La fondation Cartier accueille Fabrice Hyper le temps d’une exposition, à la fois ludique et riche de sens, propice à l’interrogation. L’artiste, académicien depuis 2018, est aussi un homme de la nature. Fils de paysan, il n’a pas supporté que les terres de son enfance risquent d’être polluées par l’agriculture conventionnelle. Qu’à ne cela tienne, il se débrouille et rachète soixante-dix hectares avec l’idée de planter une forêt. Mille arbres sont installés. C’est un échec. Pourquoi ne pas semer ? Le pari est fou ? Pas du tout. C’est comme de la régénération naturelle quelque peu aidée. Trois millions de graines sont semées selon une technique mise au point avec son père. Vingt cinq ans plus tard, c’est une vraie forêt, encore jeune, certes mais en pleine forme et riche d’une incroyable biodiversité. Elle compte environ cent mille arbres : des pins, des feuillus, des arbres fruitiers qui se renforcent les uns les autres et qui favorisent une biodiversité d’animaux, d’insectes, de végétaux, de champignons… La Vallée où se trouve cette forêt est devenue un lieu d’inspiration comme en témoigne cette exposition qui rassemble une soixantaine de toiles.
☞ « Avec la Vallée, je voulais d’abord reconstituer un paysage arboré autour de la ferme de mes parents pour créer une barrière naturelle avec l’agriculture industrielle environnante et ceux qui la développaient. » Lieu d’apprentissage, d’expérimentation, de refuge, la Vallée est devenue la matrice et la source d’inspiration de l’ensemble de son œuvre.
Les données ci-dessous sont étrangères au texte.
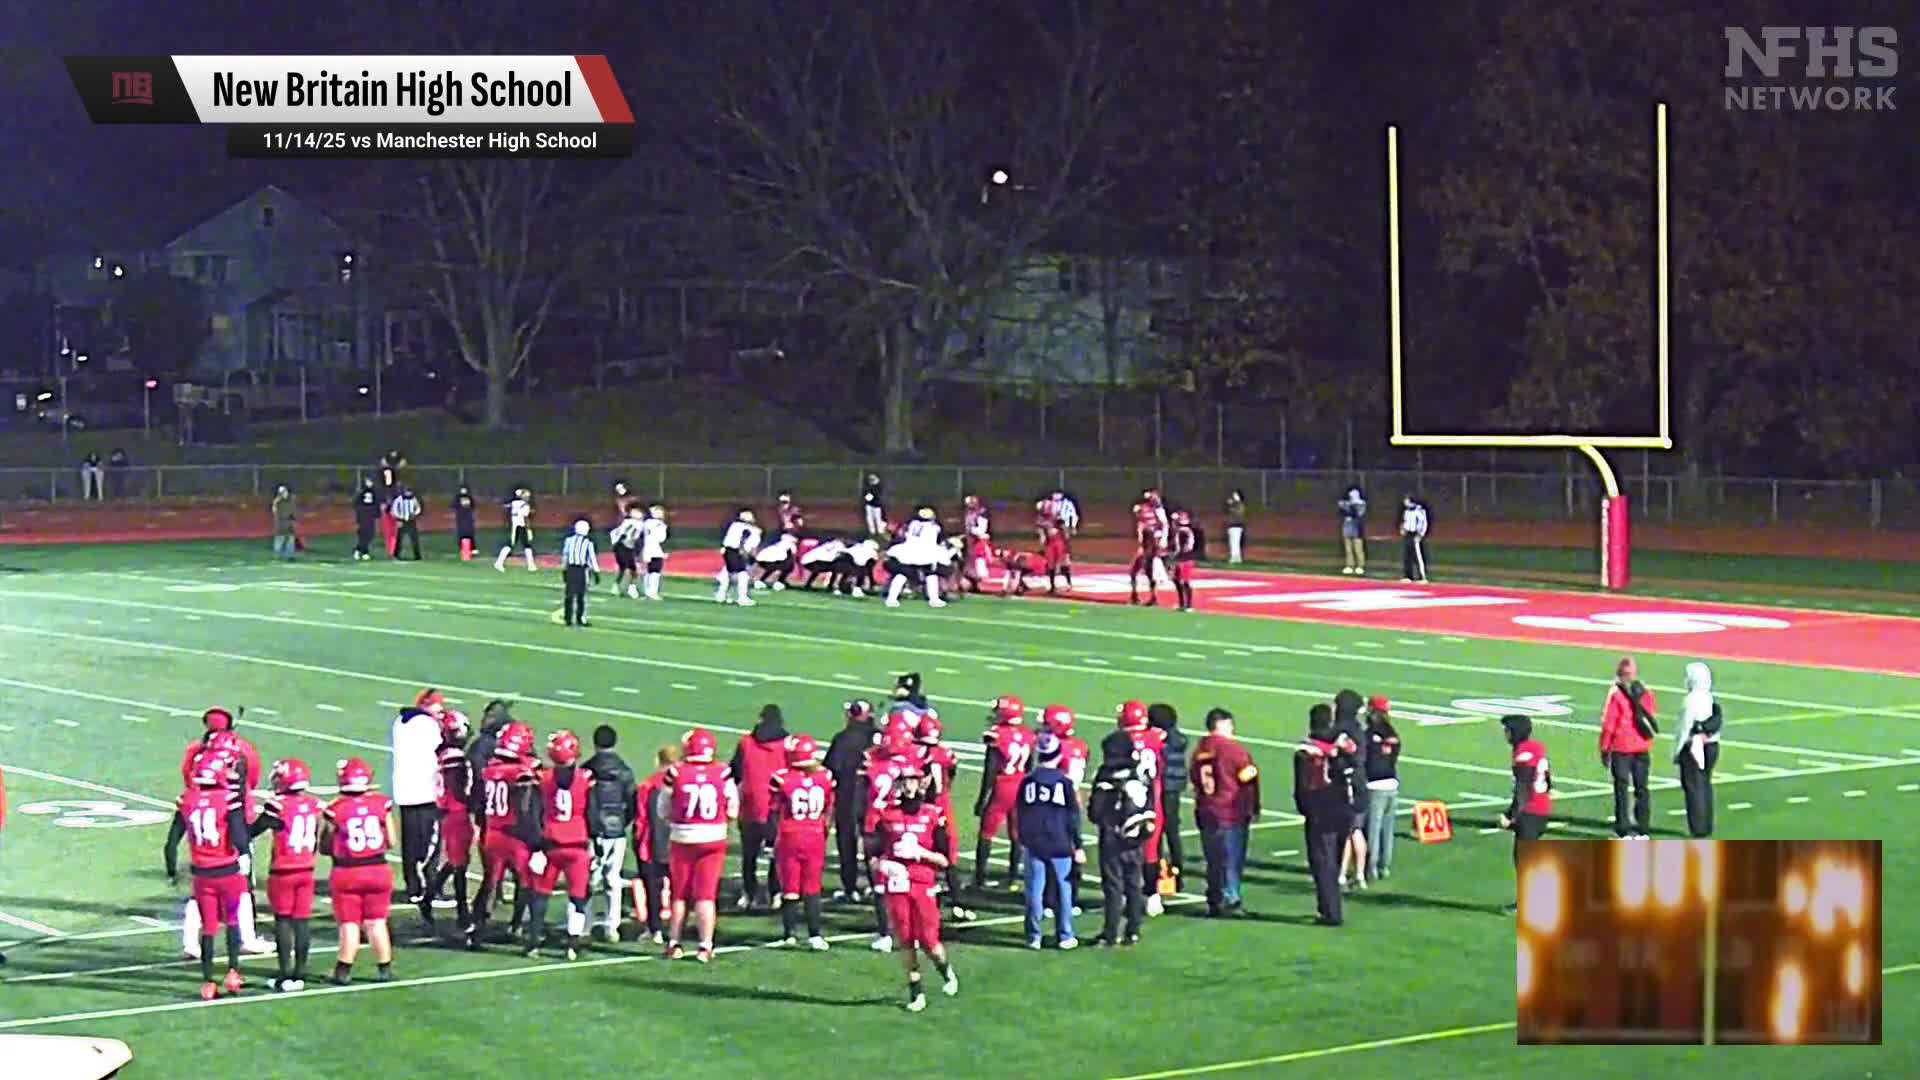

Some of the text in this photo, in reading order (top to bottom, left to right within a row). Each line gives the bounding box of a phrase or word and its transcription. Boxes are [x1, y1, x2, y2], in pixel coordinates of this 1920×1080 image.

L’artiste compare d’ailleurs volontiers sa pratique avec la croissance organique du vivant : « Au fond je fais la même chose avec les œuvres, je sème les arbres comme je sème les signes et les images. Elles sont là, je sème des graines de pensée qui sont visibles, elles font leur chemin et elles poussent. Je n’en suis plus maître. »
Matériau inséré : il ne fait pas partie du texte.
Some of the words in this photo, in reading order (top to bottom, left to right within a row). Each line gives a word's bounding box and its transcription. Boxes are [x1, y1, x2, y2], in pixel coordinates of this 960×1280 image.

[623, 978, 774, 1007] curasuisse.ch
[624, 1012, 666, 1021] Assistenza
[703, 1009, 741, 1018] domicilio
Sur ses toiles de grand format, Fabrice Hyber formule des hypothèses, associe des idées, invente des formes, joue avec les mots. « Mes tableaux décrivent un monde jamais fini, en transformation permanente, qui absorbe tout, comme dans une vallée. » L’artiste travaille sur plusieurs compositions en même temps et opère des glissements de sens d’une toile à l’autre. Il lui arrive aussi de revenir sur un tableau ancien. Il note ici une phrase, dessine là une image, colle ailleurs un objet, par petites touches, au gré de son imaginaire et de ses spéculations. Chaque étape compte. Ce processus de création « par accumulation » enrichit l’œuvre de toutes les potentialités ouvertes par la pensée en mouvement. Bien qu’utilisant la peinte à l’huile, sa technique, avec très peu de matière, ressemble à l’aquarelle : chaque trait est définitif. Tout le processus d’élaboration est visible. La toile devient ainsi un espace d’apprentissage et d’enseignement : « J’apprends en faisant et je veux transmettre ».
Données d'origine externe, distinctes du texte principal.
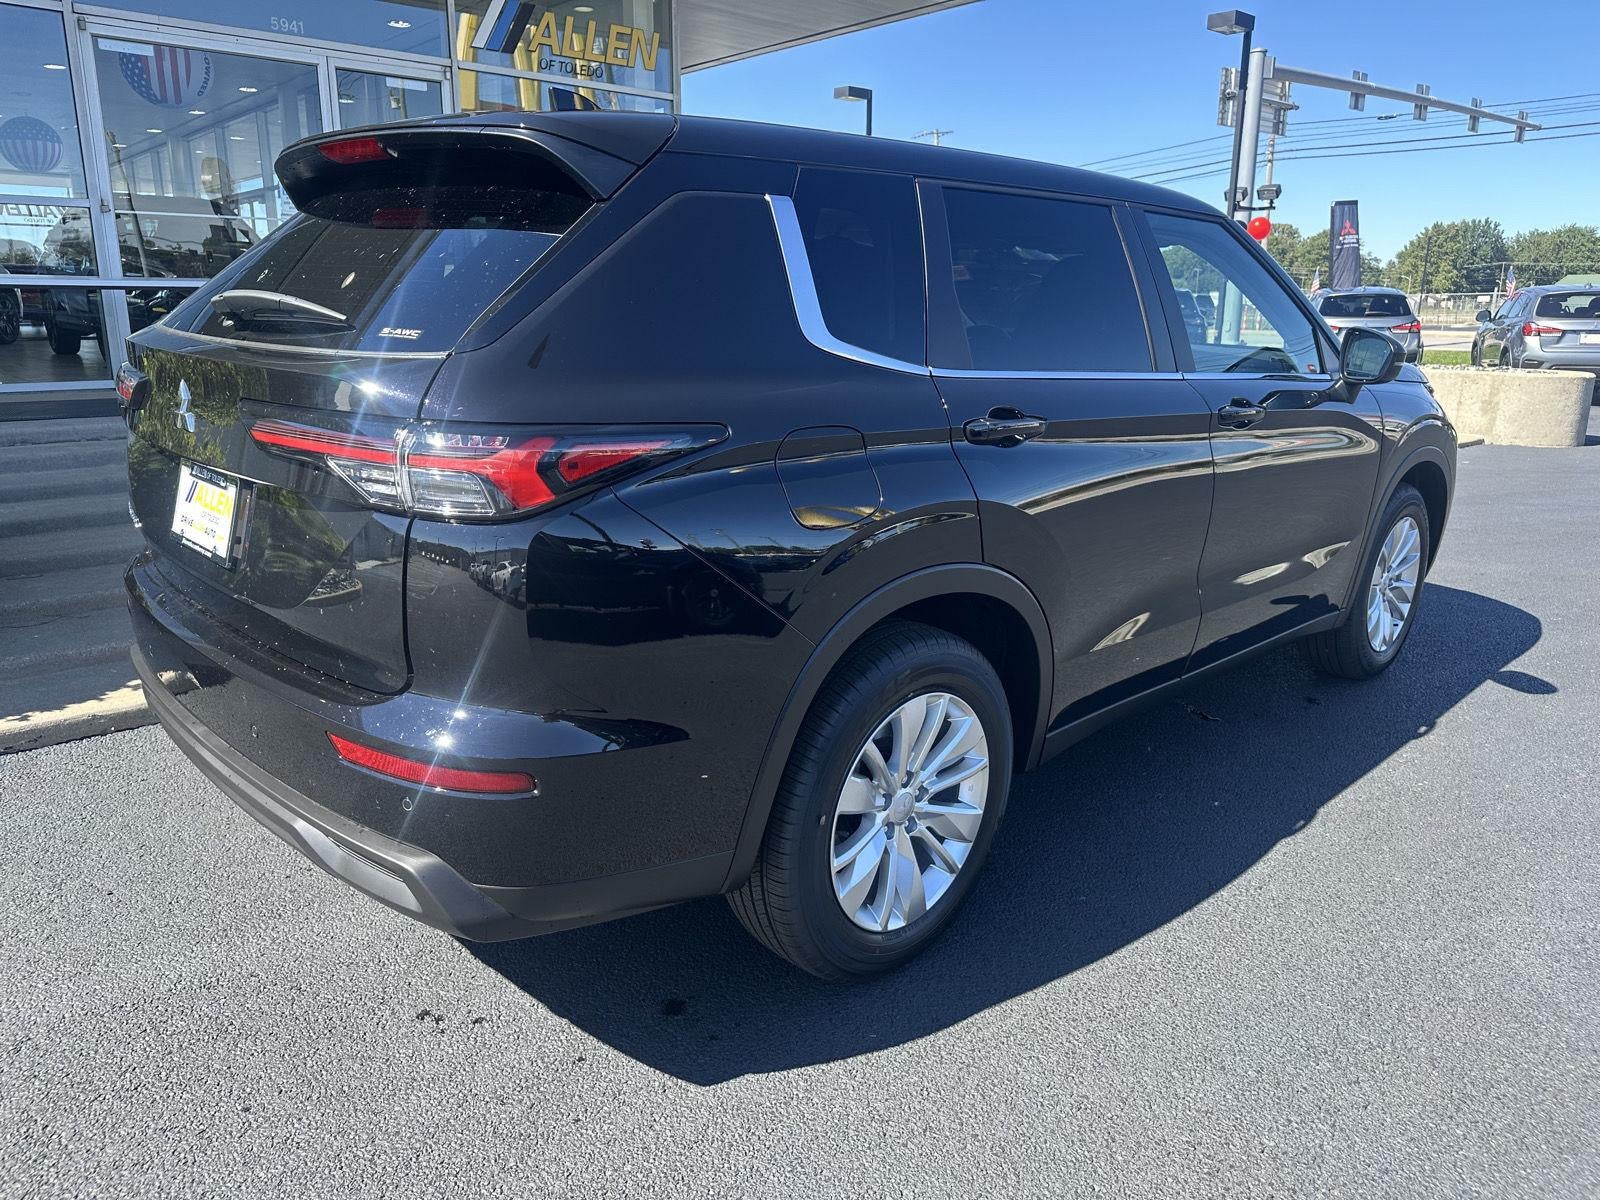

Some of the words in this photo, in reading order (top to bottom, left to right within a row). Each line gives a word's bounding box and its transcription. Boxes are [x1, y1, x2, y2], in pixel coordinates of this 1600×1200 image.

[271, 16, 304, 34] 5941
[528, 11, 661, 71] ALLEN
[197, 57, 211, 97] OWNED
[539, 58, 556, 71] OF
[559, 61, 604, 79] TOLEDO
[381, 327, 421, 337] S-AWC
[194, 485, 235, 518] ALLEN
Fabrice Hyber a imaginé son exposition comme une école pour partager cette autre façon d’apprendre, née dans la Vallée. La scénographie rappelle les salles de classe autant que les cours de récréation. . Il invite le visiteur à s’appuyer sur les brèches ouvertes par les toiles pour formuler ses propres hypothèses, faire ses propres associations : « Ce qui est important dans une école selon moi, plus qu’apprendre des choses, c’est apprendre à les regarder, à observer comment elles évoluent. » Et pour aller jusqu’au bout de ses convictions, il a mis en place un programme de classes en résidence coorganisé avec des écoles partenaires de Vendée et d’Ile de France, ainsi que des « cours du soir », accessibles également sous forme de podcasts. C’est que pour Fabrice Hyber, une exposition est d’abord un lieu où l’on apprend. Regarder un tableau c’est le début d’une conversation, d’une recherche, d’une découverte, d’une remise en question bien nécessaire à l’heure des lendemains incertains.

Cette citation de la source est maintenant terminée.